Special-Needs Children and Divorce
Too often, the demands of caring for a special-needs child create stressors on a marriage that lead a couple to divorce. The divorce rate among parents of special needs children is above average – by some estimates, as high as 80%. When crafting a divorce agreement (or modifying one), unique issues must be anticipated and addressed for a special needs child. An informed approach can make all the difference in securing the child’s future, and in allowing smooth, successful co-parenting going forward.
All of our firm’s lawyers have represented parents of special-needs children. Keith Maples – the divorced father of an autistic son – has focused on this practice area and he has particular insights into the challenges and issues involved. Our firm’s team approach to case work allows everyone to benefit from Keith’s insights and expertise. Keith has supported cases throughout Texas by being co-counsel or by providing consulting to the attorney of record for special needs cases. This arrangement best supports our non-Austin based clients by having special needs expertise on the case, so critical to a good resolution, while retaining their regular family law attorney to handle the remainder of the case.
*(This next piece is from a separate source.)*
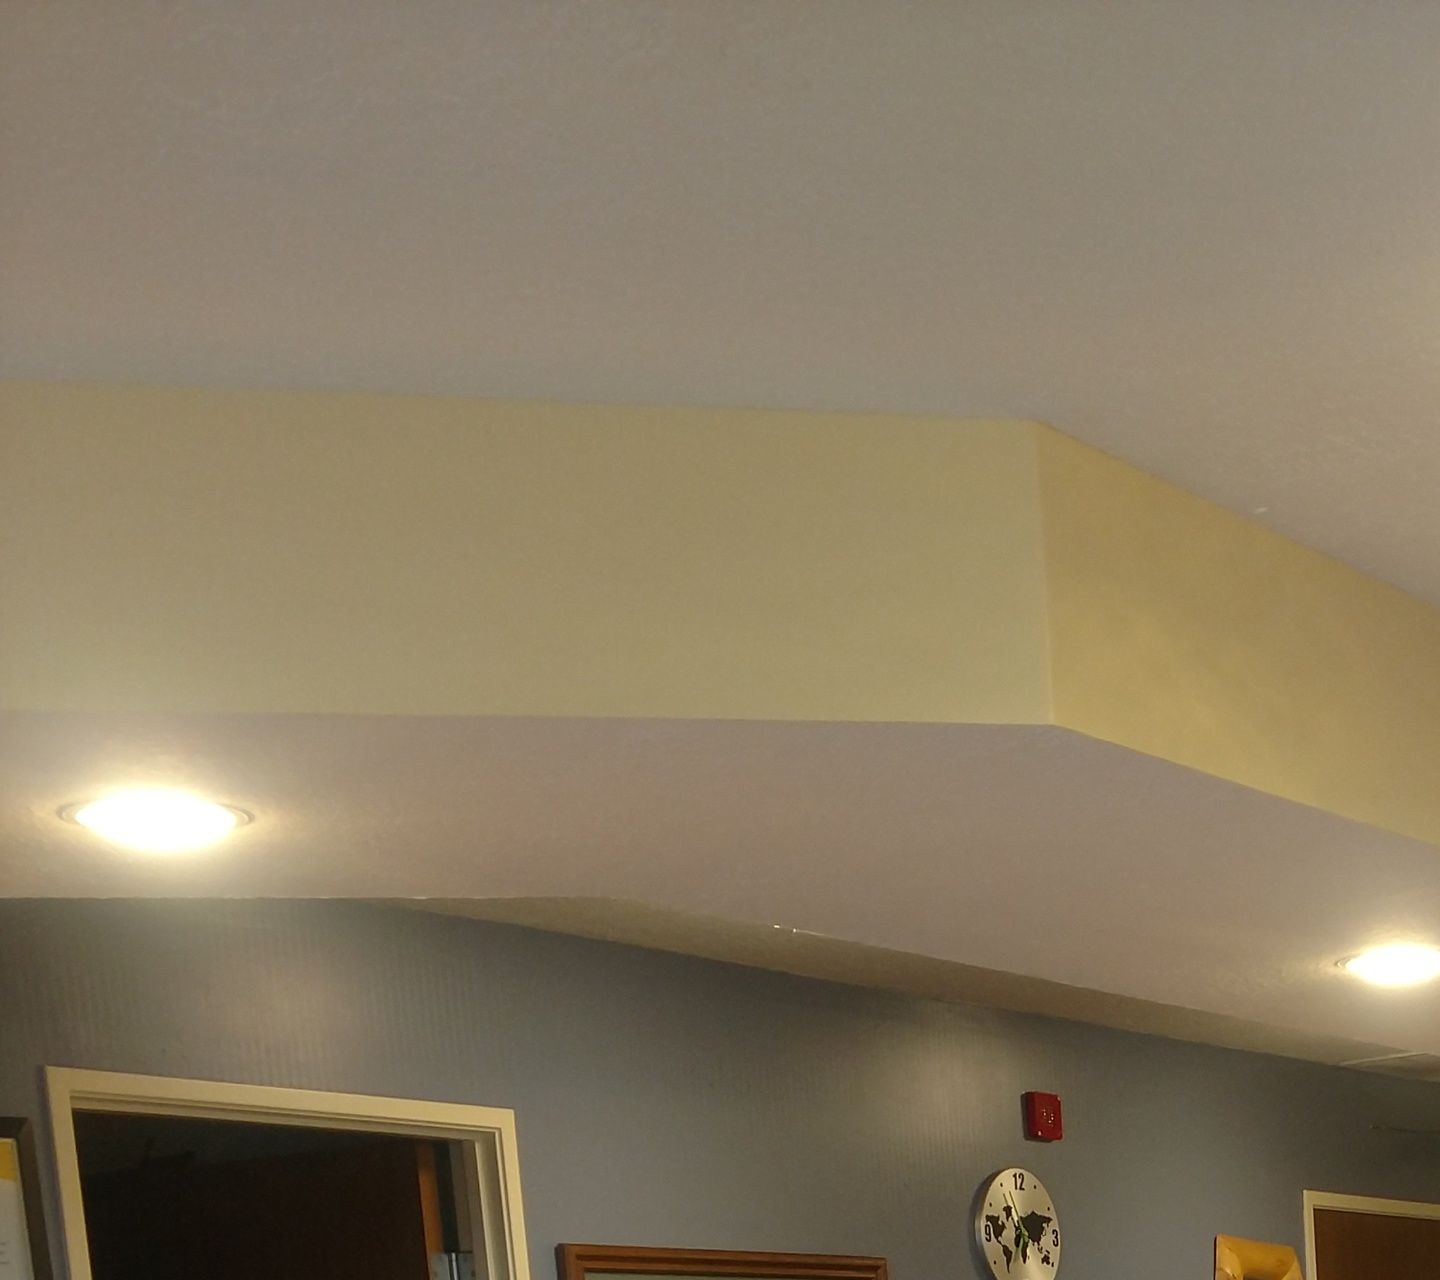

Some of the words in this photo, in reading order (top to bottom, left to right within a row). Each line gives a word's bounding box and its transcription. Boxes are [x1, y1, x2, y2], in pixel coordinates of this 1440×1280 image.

[1012, 1172, 1025, 1191] 12
[984, 1223, 992, 1242] 9
[1051, 1229, 1059, 1247] 3
Keith has also provided testimony as an expert witness in cases involving special needs issues. Additionally, Keith regularly serves as a mediator in cases involving these issues. For additional information, click here
to review Keith's paper from his presentation on child support issues for parents of special needs children at the 2010 Advanced Family Law Seminar. Click here
to review Keith's paper from his presentation on issues for special needs children at the 2011 Advanced Family Law Seminar.
We have found the typical divorce decree often is inadequate to address the issues that arise with special-needs children. Factors that make their parenting plans more challenging include:
- Special-needs children often have difficulties, which can make typical shared-custody schedules unworkable;
Parents may not agree about how to address their child’s special needs on a day-to-day basis – for example, maintaining a standard routine;
Parents may have different opinions about healthcare choices, treatment plans, education and interventions; and/or
Parents may need to specify tools and methods for how to resolve areas in which they disagree
Careful consideration must be given to a parenting plan that will meet the family's special needs.
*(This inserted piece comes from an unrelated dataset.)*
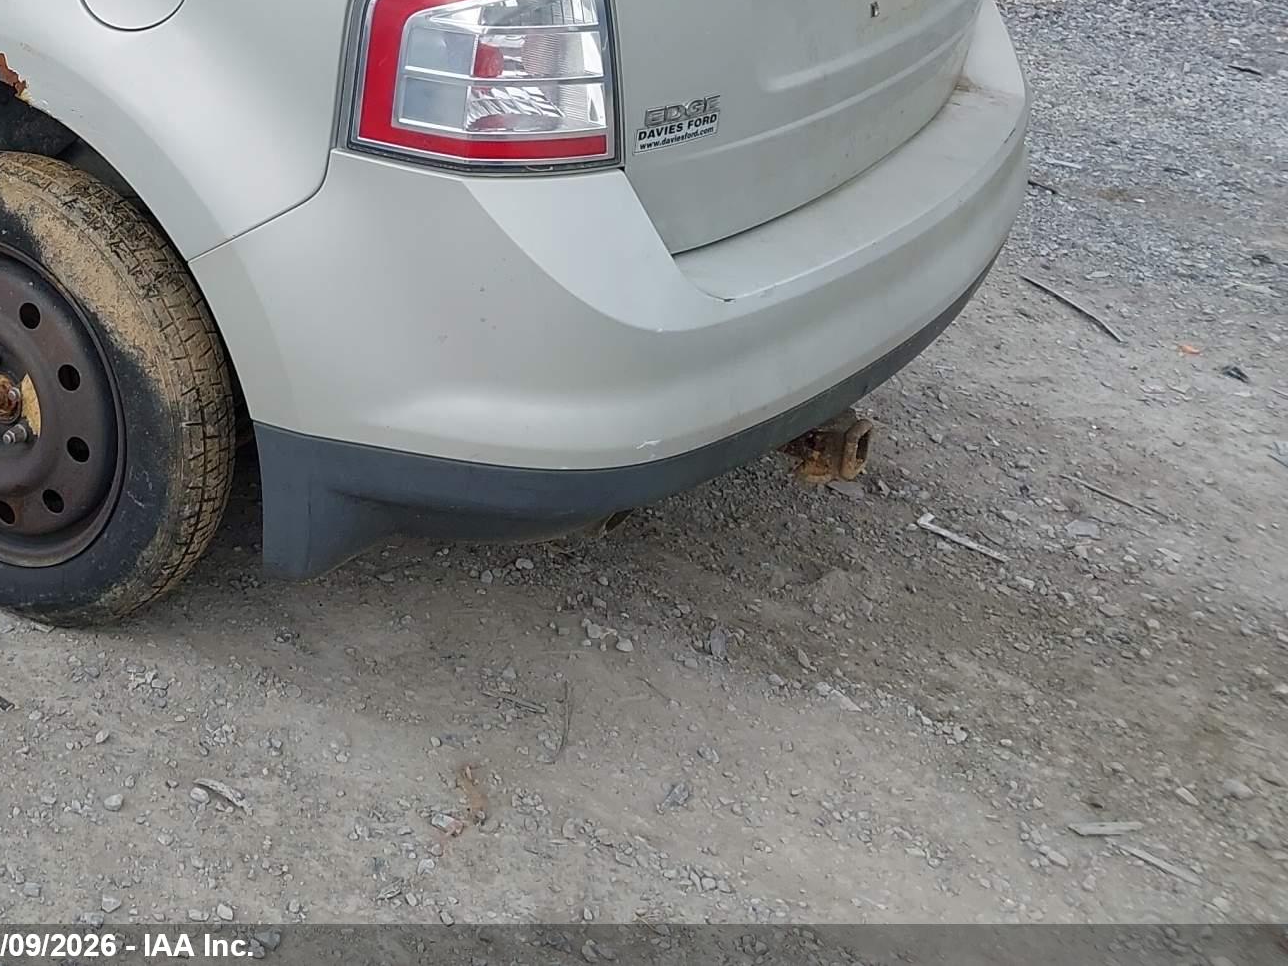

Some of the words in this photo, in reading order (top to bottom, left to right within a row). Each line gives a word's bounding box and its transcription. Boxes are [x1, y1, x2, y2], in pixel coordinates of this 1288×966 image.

[644, 94, 721, 128] EDGE
[638, 122, 684, 142] DAVIES
[687, 113, 718, 130] FORD
[639, 126, 714, 151] www.daviesford.com
Before a divorce is finalized, numerous decisions must be negotiated, resolved and written into a parenting plan. A divorce decree may need specific provisions that address:
Medical, educational and therapeutic interventions, including “alternative” medicine;
Treatments not covered by insurance;
Diet and medication programs;
Working with schools to implement plans for the educational needs of the child;
Care outside of either parent’s home, and associated costs;
Impact of care decisions on parents’ ability to work outside the home; and/or
Lifetime care and support.
Read more about parenting plans here.
Many special-needs children will require care and support all of their lives. In such cases, the divorce decree must anticipate life-long support issues – well into the child’s adulthood and possibly beyond the parents’ lifetimes. Adult children typically become uninsurable as dependents so the child will likely need to depend on Medicare for medical expenses. Payments of child support directly to a parent might jeopardize the child’s entitlement to Medicare and other benefits. This issue can be addressed with the creation of a special needs trust for the child, working with an estate-planning lawyer. Many of the provisions of the Family Court order will not survive the child's eighteenth birthday and some children may require a guardianship to that the parents may continue to provide for the disabled child's care after they become an adult.
Each child and family is different. No cookie-cutter approach will work in every case. We have found it essential to carefully consider each child’s needs and abilities, as well as the family’s unique dynamic and situation, then create a plan to suit them over time.